• _What is expected_: A faithful copy of the data is the goal; set it down exactly, without the images.
[The data]
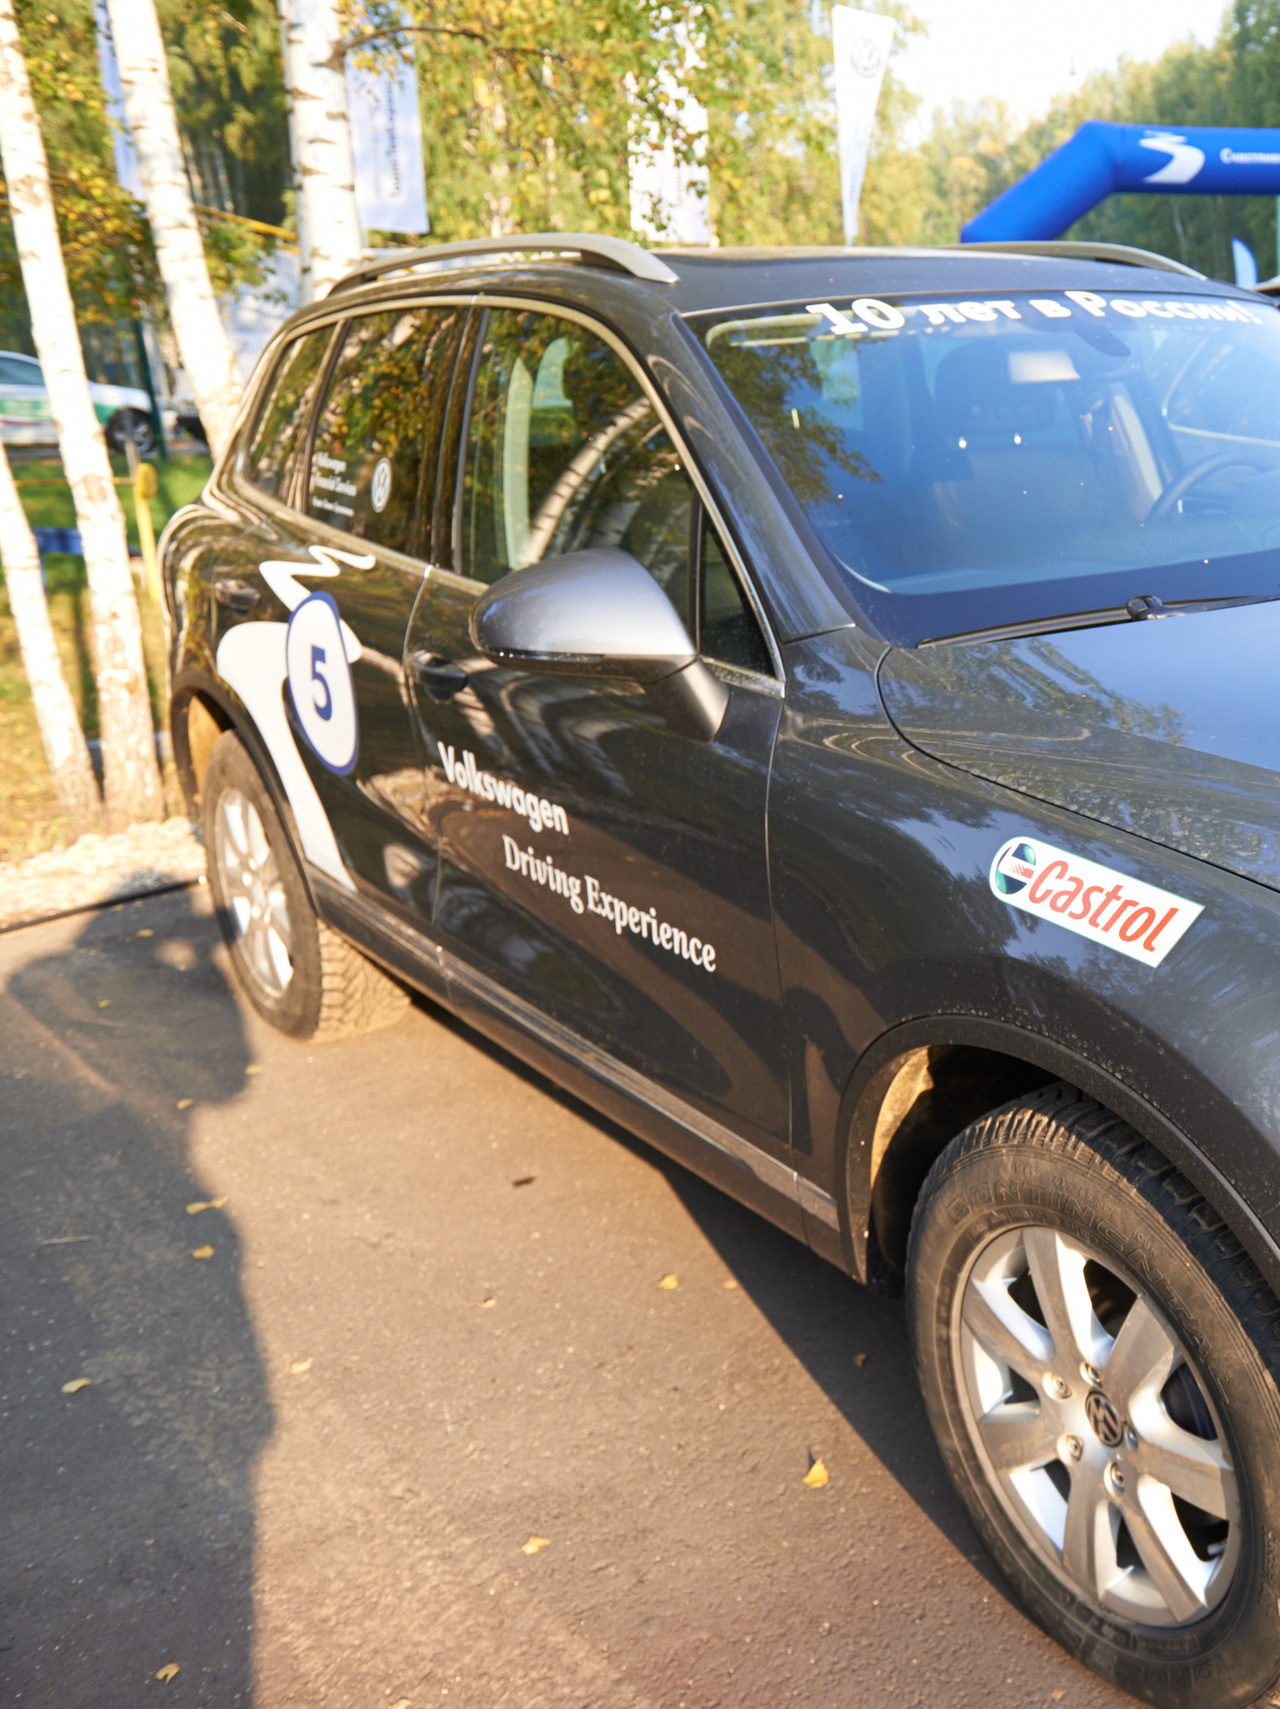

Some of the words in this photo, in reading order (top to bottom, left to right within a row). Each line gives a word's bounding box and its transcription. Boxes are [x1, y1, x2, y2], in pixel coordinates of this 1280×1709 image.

[806, 298, 905, 336] 10
[918, 300, 1022, 325] лет
[1029, 299, 1072, 318] в
[1064, 290, 1264, 324] России!
[311, 645, 332, 721] 5
[437, 741, 570, 836] Volkswagen
[502, 834, 585, 914] Driving
[584, 874, 717, 973] Experience
[1028, 860, 1180, 953] Castrol
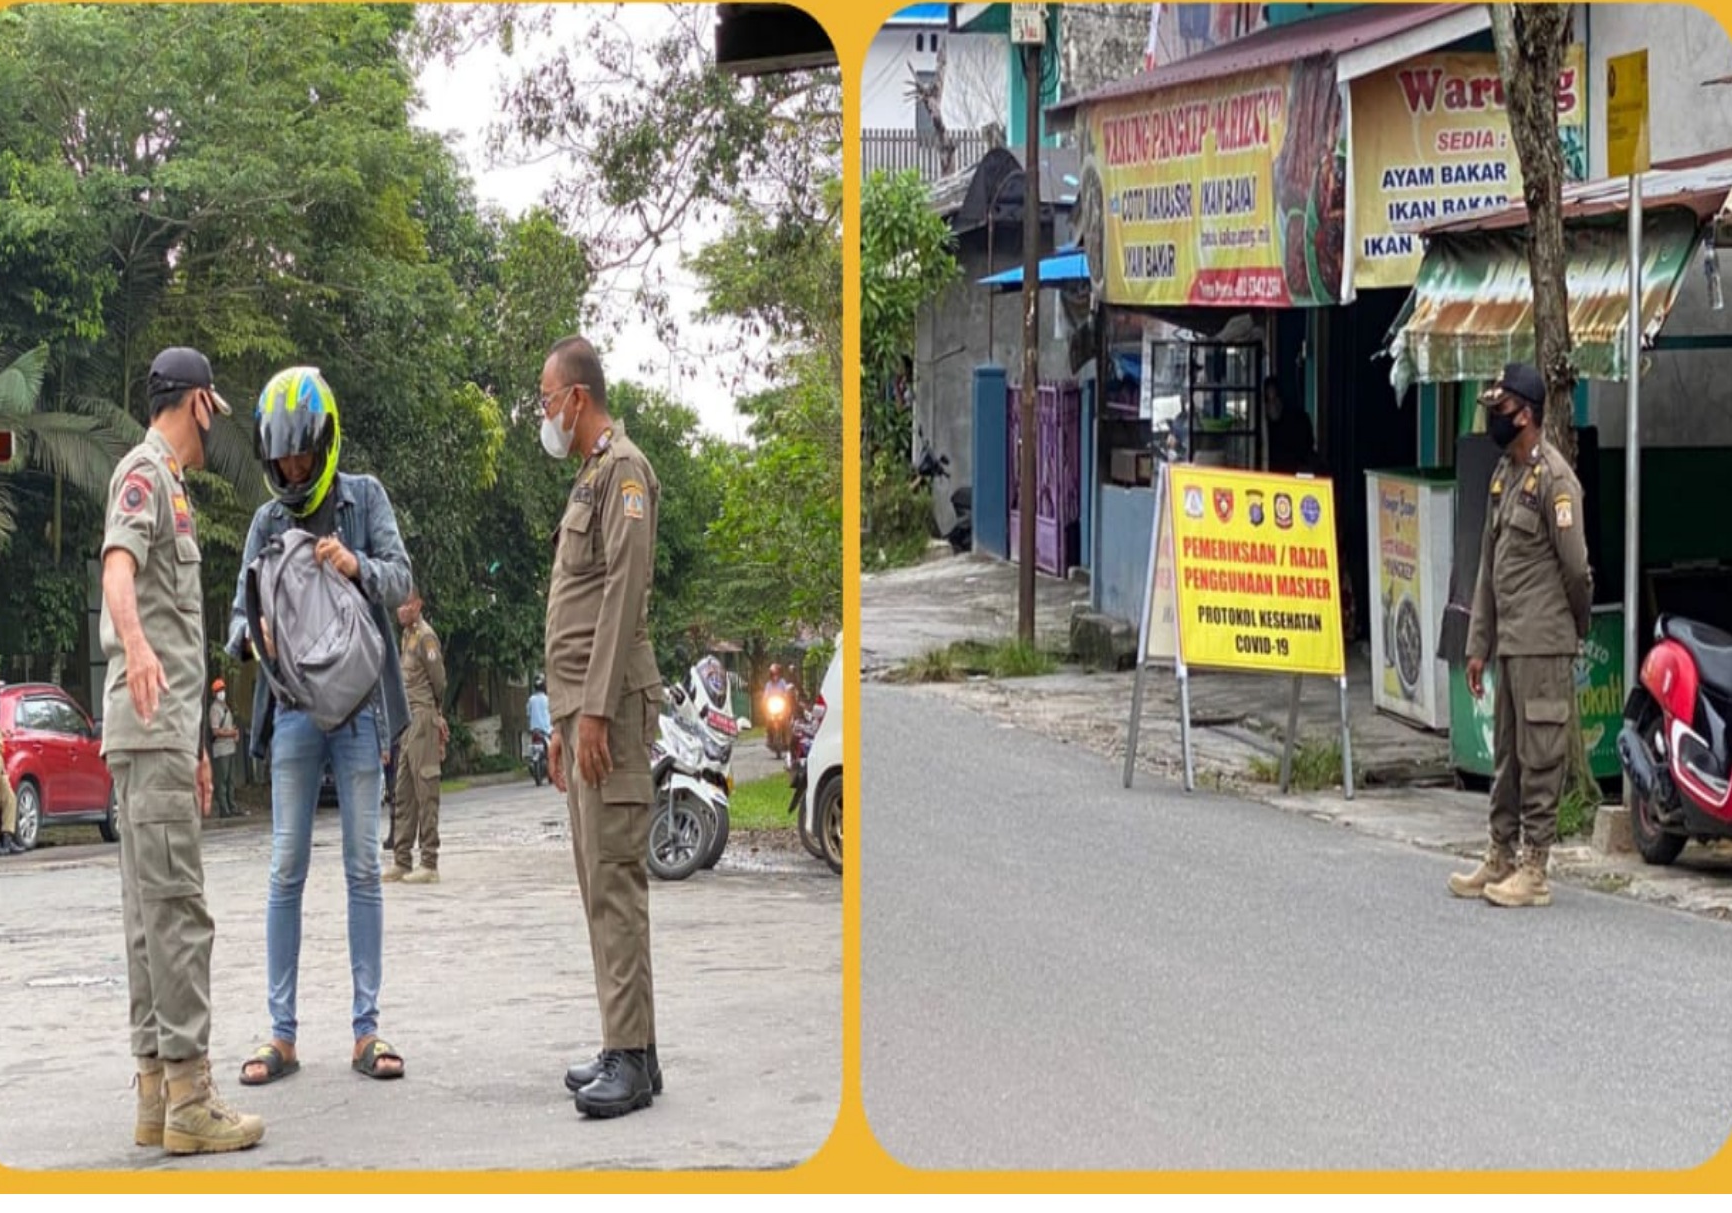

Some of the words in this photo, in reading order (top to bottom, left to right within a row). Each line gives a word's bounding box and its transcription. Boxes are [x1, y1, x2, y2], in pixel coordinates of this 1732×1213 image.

[1437, 131, 1494, 152] SEDIA
[1382, 167, 1434, 188] AYAM
[1441, 162, 1507, 184] BAKAR
[1388, 200, 1435, 221] IKAN
[1364, 236, 1411, 256] IKAN
[1183, 536, 1276, 565] PEMERIKSAAN
[1289, 547, 1329, 569] RAZIA
[1184, 567, 1273, 596] PENGGUNAAN
[1276, 575, 1331, 600] MASKER
[1198, 605, 1257, 627] PROTOKOL
[1259, 610, 1321, 632] KESEHATAN
[1235, 635, 1289, 656] COVID-19
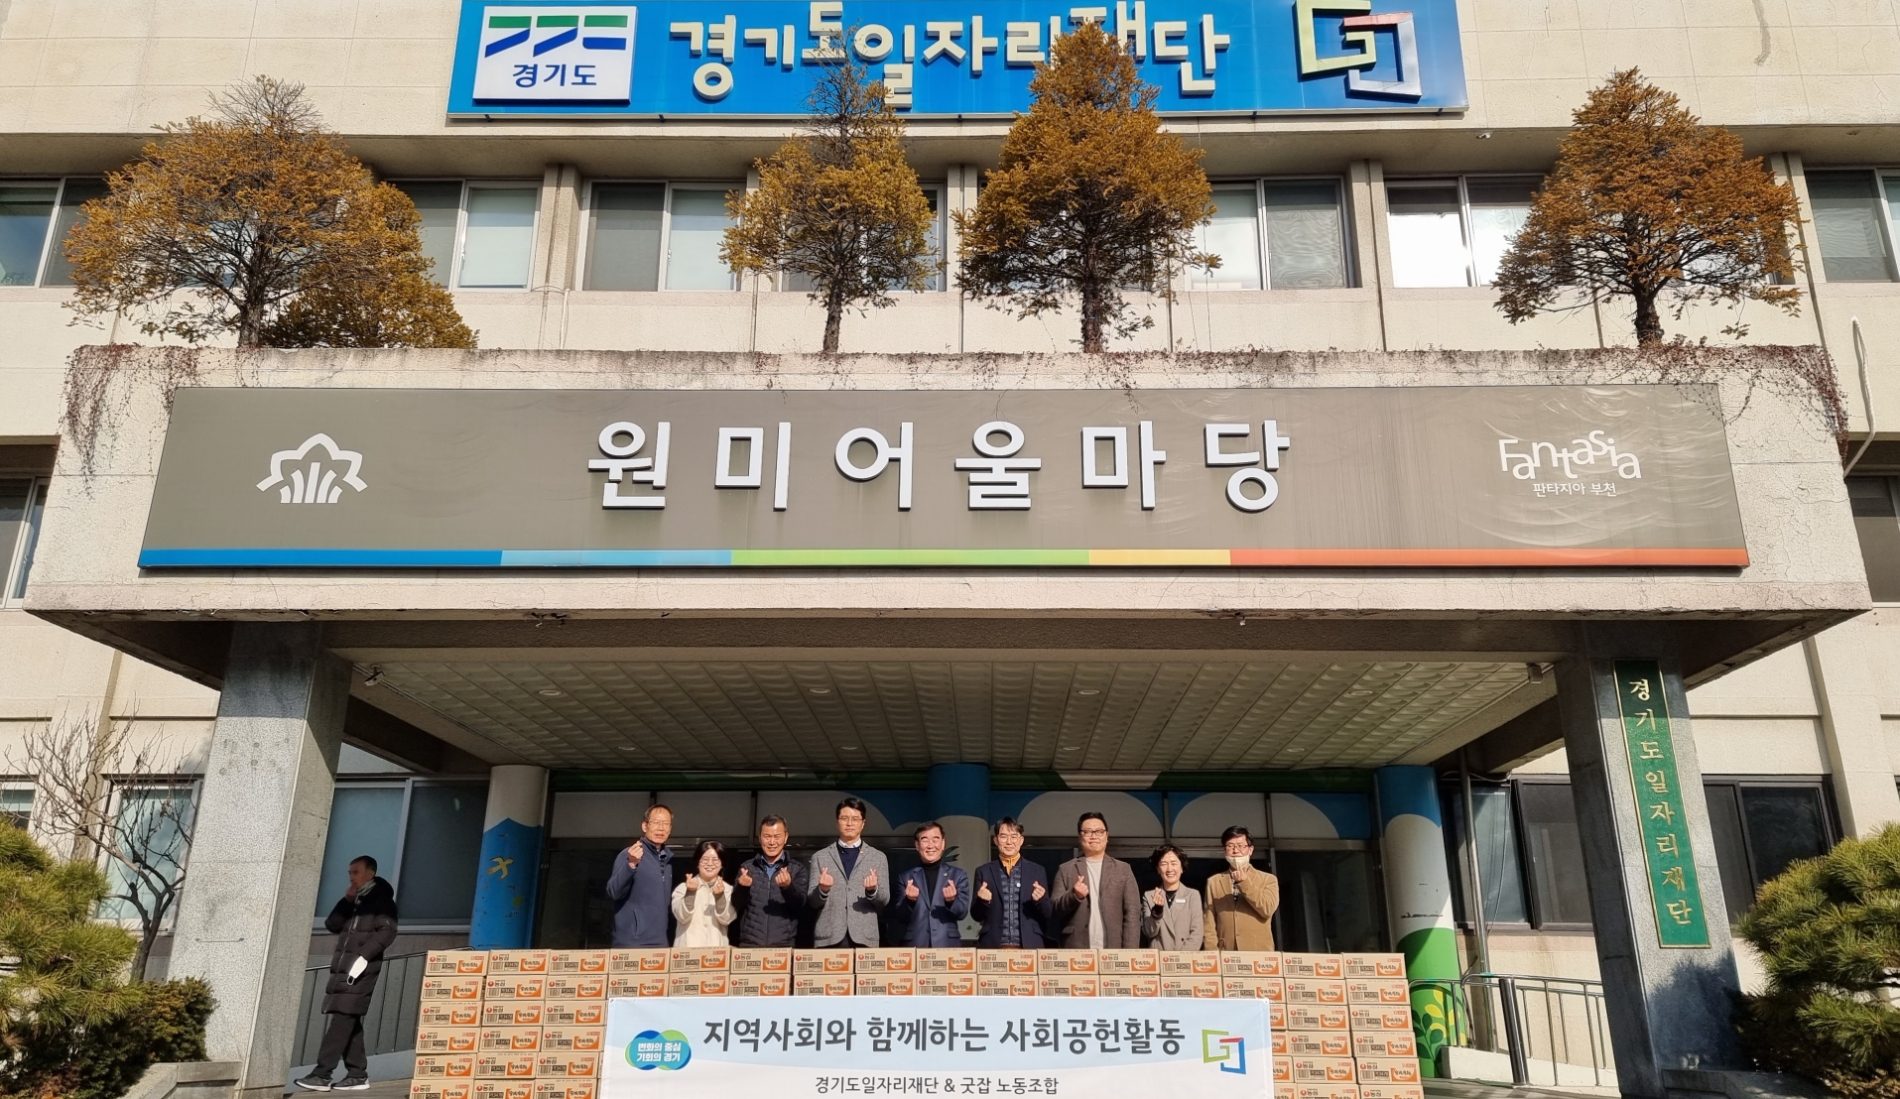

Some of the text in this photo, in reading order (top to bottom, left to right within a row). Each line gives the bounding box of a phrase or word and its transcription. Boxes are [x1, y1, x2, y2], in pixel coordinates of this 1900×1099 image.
[/The data]
• _Task output_:
Some of the words in this photo, in reading order (top to bottom, left to right within a row). Each line gives a word's bounding box and its transcription. Boxes are [x1, y1, x2, y2], in pixel coordinates of this 1280×1709 image.

[806, 298, 905, 336] 10
[918, 300, 1022, 325] лет
[1029, 299, 1072, 318] в
[1064, 290, 1264, 324] России!
[311, 645, 332, 721] 5
[437, 741, 570, 836] Volkswagen
[502, 834, 585, 914] Driving
[584, 874, 717, 973] Experience
[1028, 860, 1180, 953] Castrol

Some of the words in this photo, in reading order (top to bottom, left to right within a row). Each line gives a word's bounding box and its transcription. Boxes are [x1, y1, x2, y2], in pixel coordinates of this 1732×1213 image.

[1437, 131, 1494, 152] SEDIA
[1382, 167, 1434, 188] AYAM
[1441, 162, 1507, 184] BAKAR
[1388, 200, 1435, 221] IKAN
[1364, 236, 1411, 256] IKAN
[1183, 536, 1276, 565] PEMERIKSAAN
[1289, 547, 1329, 569] RAZIA
[1184, 567, 1273, 596] PENGGUNAAN
[1276, 575, 1331, 600] MASKER
[1198, 605, 1257, 627] PROTOKOL
[1259, 610, 1321, 632] KESEHATAN
[1235, 635, 1289, 656] COVID-19

Some of the text in this photo, in reading order (top to bottom, left to right within a row). Each line gives the bounding box of a phrase or word and its transcription. Boxes are [x1, y1, x2, y2], in pixel coordinates of this 1900×1099 image.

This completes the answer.